Where should we start ?
Question by K. G.

I would recommend arranging for a minimum of one week visit to a regional balance center. I wouldn’t do any tests until I understood how that test fit into the overall picture. Also, you are going to need some guidance and a place to refer more difficult patients. The regional balance center will most likely be happy to help out in exchange for referrals when indicated.

A 43 year male I’ve known for 20 years has congenital nystagmus. That is, his eyes move horizontally back and forth, when he is staring at you. However, this nystagmus does not seem to be detrimental to his functioning, in other words he appears to be asymptomatic.

MY QUESTION IS: So, what exactly does it mean to have congenital nystagmus? Is there reason for concern that he has congenital nystagmus, when this individual does not appear to have disturbing vestibular symptoms?
Thanks,
M. T.

Congenital nystagmus and symptoms (or not)
Question by M.T.

According to Dr David Zee, the guru of eye movements, the cause of congenital nystagmus is unknown.

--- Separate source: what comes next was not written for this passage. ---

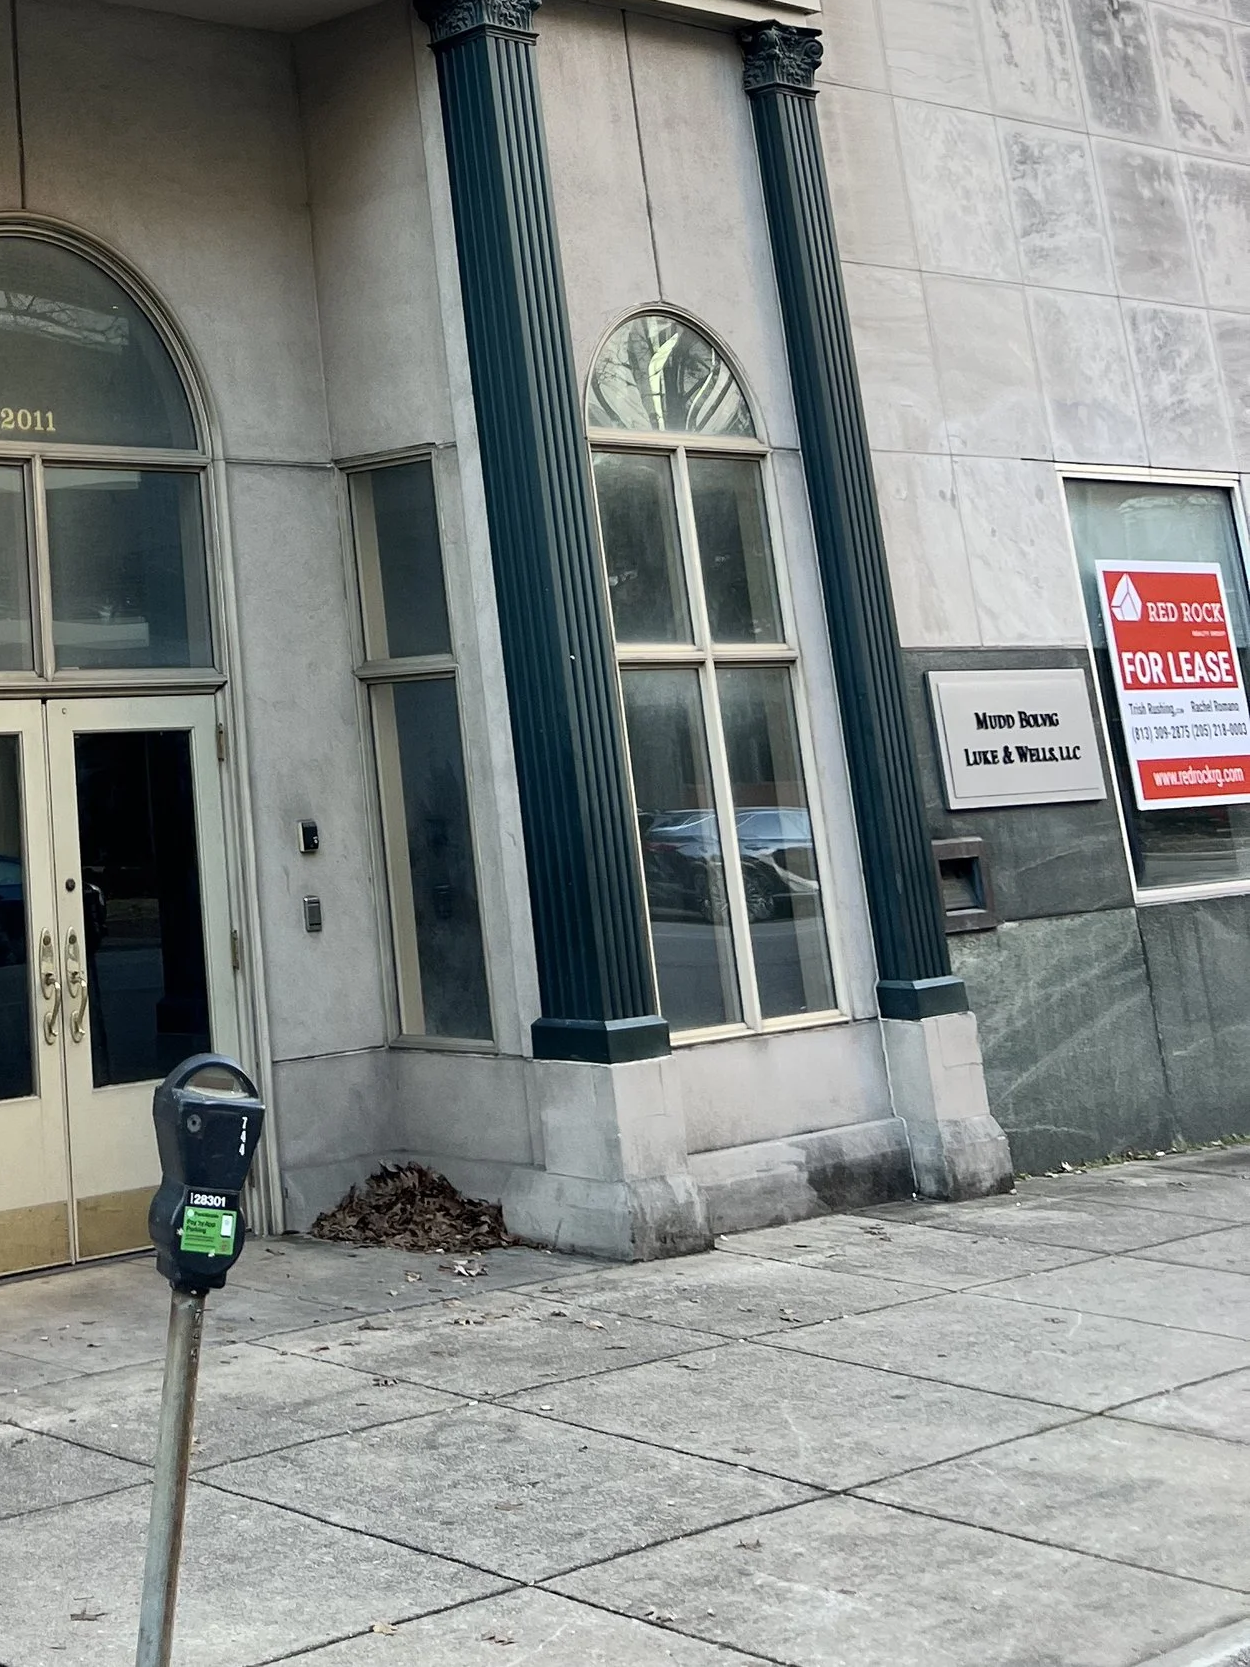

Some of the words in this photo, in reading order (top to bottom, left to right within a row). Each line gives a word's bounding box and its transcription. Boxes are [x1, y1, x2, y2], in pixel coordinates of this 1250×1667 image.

It might be interesting to find your friends “null point.” There is, I think always, an angle of gaze where the nystagmus stops. Also, have your friend read something for you. Many patients with congenital nystagmus will either hold the book off to the side a bit, or rotate their head so they are looking at the book out of the corner of their eye. They have found their null point, and visually things get clearer when they gaze in that direction. I have seen several patients with congenital nystagmus with no vestibular or visual symptoms whatever. They were being seen for hearing problems. In this part of the country, they are referred to as dancing eyes.